Life is slippery. Here, take my hand.



We all have those days, born from the frustration of merely existing, where we experience the most bizarre and upsetting realities. Everyday, as I walk the streets of New York City, I pass the writhing, dirty masses of the underworld, of a subterranean landscape of mental illness and social irresponsibility. We can walk by, walk away, but no matter where you turn, it finds you and confronts you. Humanity is a twisted souless thing, and the depths the mind will go in sickness and the effort of running away from expectations... are unfathomable.

I watch it, I consider it, but sitting in the midtown library, at 40th street and 5th avenue, I have been graced with the profound and terrifying and cannot turn away. I find myself paralyzed in mutual fascination and horror, as a woman in her late 40's plopped her unwashed body across from me, and has slowly acted out complicated and overlapping story lines. It is like watching one person act out a kipling short story, a cut away from alice in wonderland (including graphic descriptions of brain tissue being ripped out and losing herself in her cerebral cortex), an argument with a wheelchair bound dead father (how dare he try to steal an elephant's identity and give pieces of her brain away to other people to utilize), be shocked into sobs, inform herself there was no wicked witch's castle, because the wizard and wicked witch took up residence in allison's labia (which was only for her husband's use, privately), manifest a british accent, discuss the depravity of the british royal family, asking to be removed from the russian crown and turning down 100 billion dollars, of tits being ripped off, being in a courtroom pressing charges for attempted rape, sodomy, and murder, and dictating someone's foreign policy in regards to saudi arabia. But to be clear, she did state that she does not want to live with her daddy in the 1950's. She wants to live in her own time period. I can understand that.
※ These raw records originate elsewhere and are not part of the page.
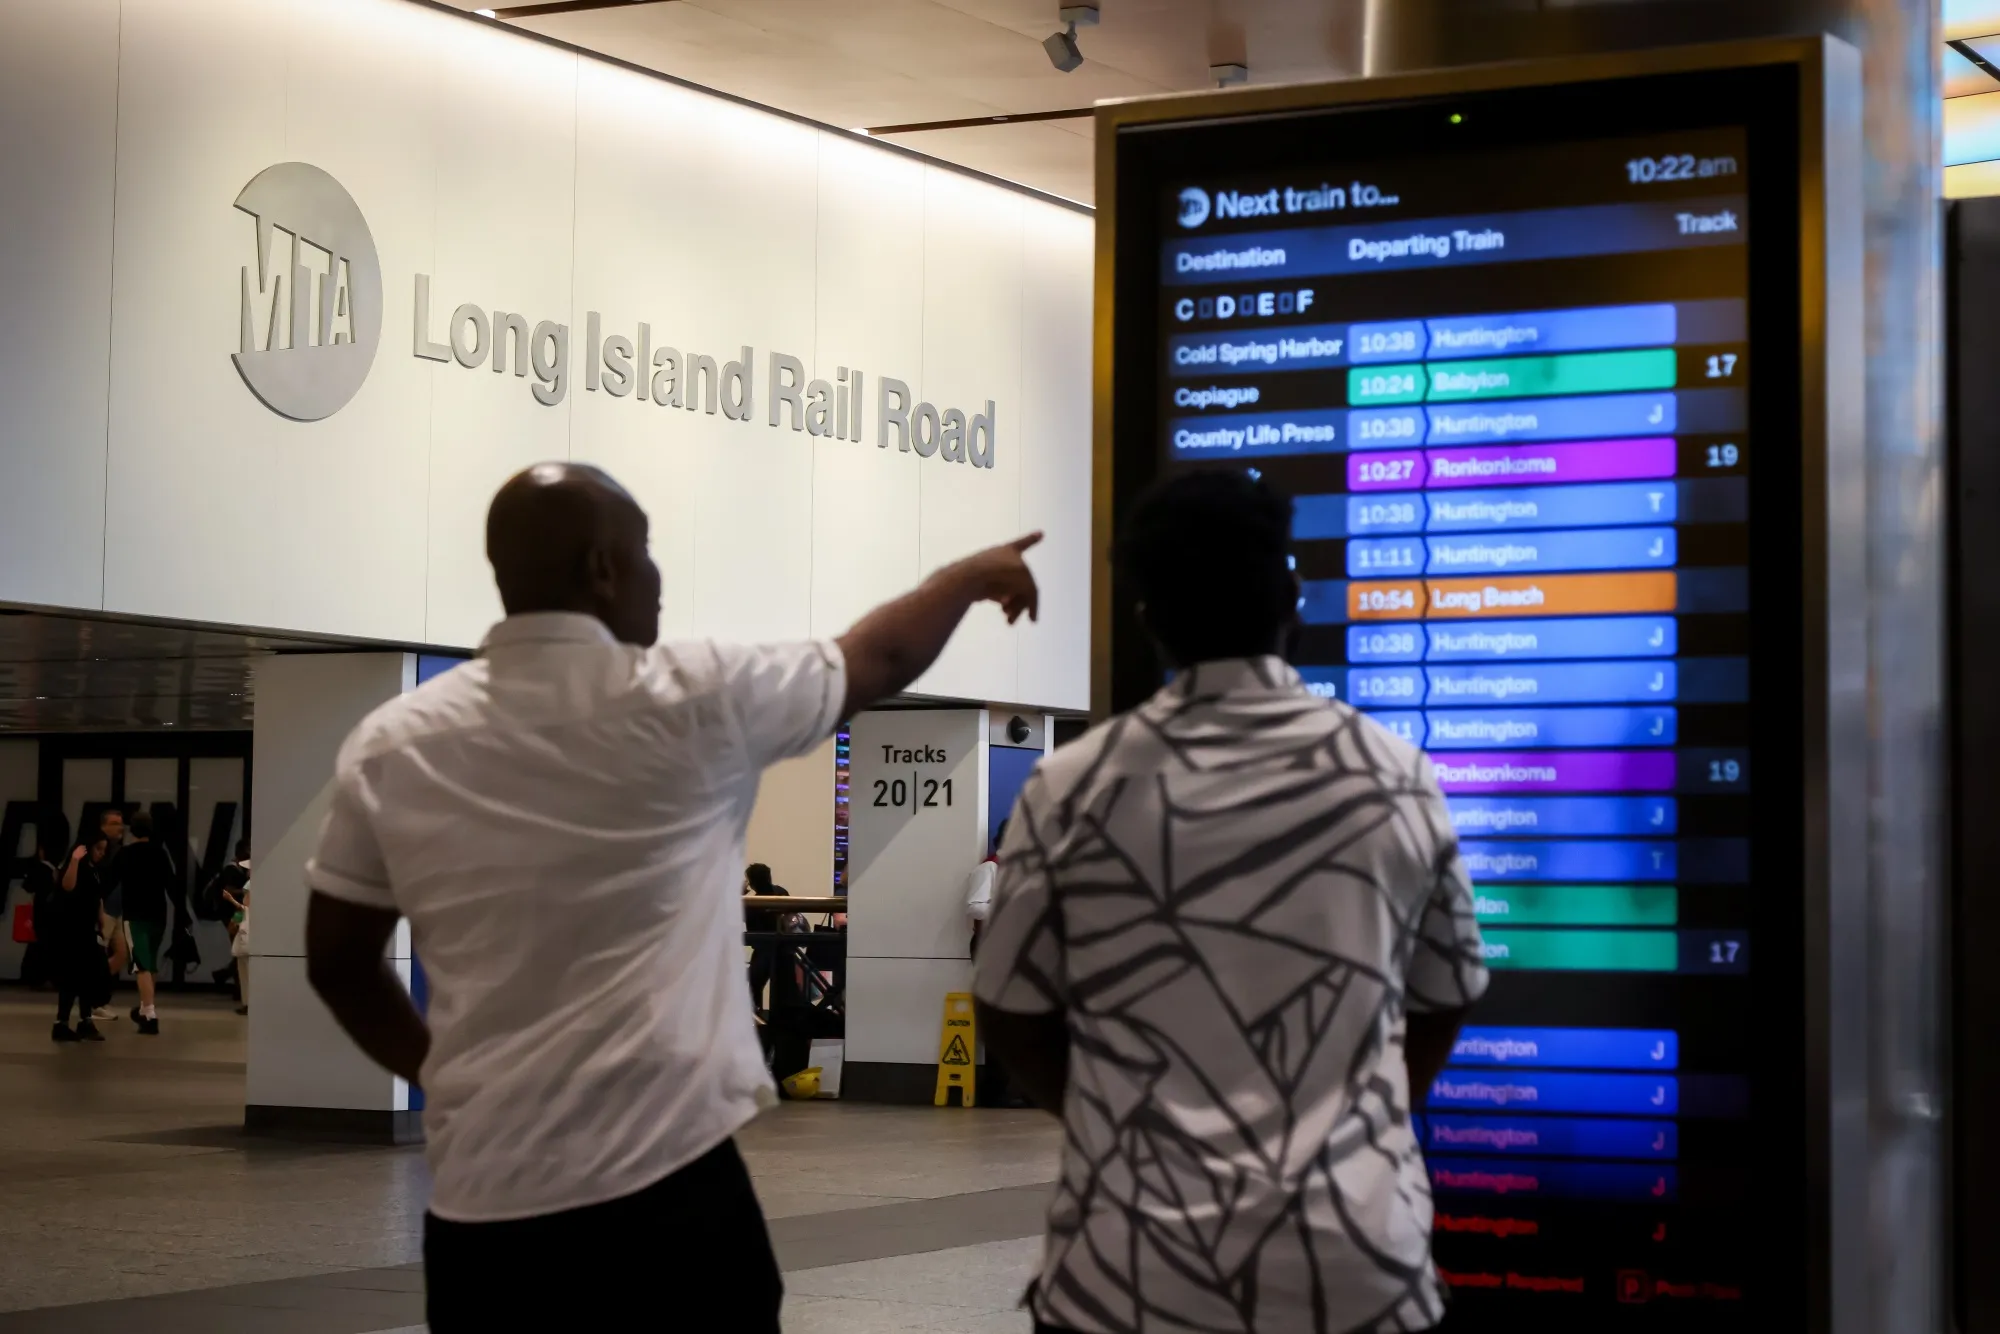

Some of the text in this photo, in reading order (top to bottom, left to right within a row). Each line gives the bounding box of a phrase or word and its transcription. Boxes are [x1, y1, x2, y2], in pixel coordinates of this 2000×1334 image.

[1216, 189, 1280, 219] Next
[1284, 183, 1346, 213] train
[1176, 210, 1738, 273] Destination Departing Train Track
[1175, 289, 1314, 321] C D E F
[1176, 323, 1538, 365] Cold Spring Harbor 10:38 Huntington
[413, 273, 996, 469] Long Island Rail Road
[1175, 355, 1738, 409] Copiague 10:24 Babylon 17
[1175, 405, 1664, 450] Country Life Press 10:38 Huntington J
[1359, 445, 1739, 483] 10:27 Ronkonkoma 19
[1359, 504, 1415, 525] 10:38
[1433, 500, 1538, 525] Huntington
[1359, 537, 1664, 568] 11:11 Huntington J
[1358, 585, 1544, 612] 10:54 Long Beach
[1359, 626, 1664, 658] 10:38 Huntington J
[1359, 679, 1415, 698] 10:38
[1433, 677, 1538, 702] Huntington
[1648, 672, 1664, 692] J
[1433, 718, 1538, 743] Huntington
[1650, 717, 1664, 737] J
[881, 744, 946, 764] Tracks
[1709, 760, 1740, 781] 19
[873, 778, 954, 807] 20 21
[1650, 807, 1664, 827] J
[1710, 941, 1740, 963] 17
[1650, 1040, 1665, 1060] J
[1433, 1081, 1664, 1105] Huntington J
The power of her conviction, the breadth of the stories being acted out in her helpless frame... shock me. That something can bubble up so concrete and perfectly formed from the recesses of our brain, entire lifetimes of non existent memories can wrack one person's body like truth...

And I sit here, as the stories continue to pour out of her ample, impassioned, and pungent frame. Accents, sobs and physical blows shuddering out of her as she plays every single role, from a dead father figure to phantom almost-husbands, sisters, judge, lawyers, royal families... and I actually sit here, bearing witness to this. This is the stuff of nightmares, of a bygone era where writers spent their nights in opium dens and their days obsessing over little girls, to eventually write stories about them delving into other-worlds of childish fancy with Freudian overtones... the power of the human brain to manifest realities, to hold on to pieces of information and weave together elaborate contexts and torture the uneducated and lost soul sitting before me with a cacophony of other people's imaginary lives.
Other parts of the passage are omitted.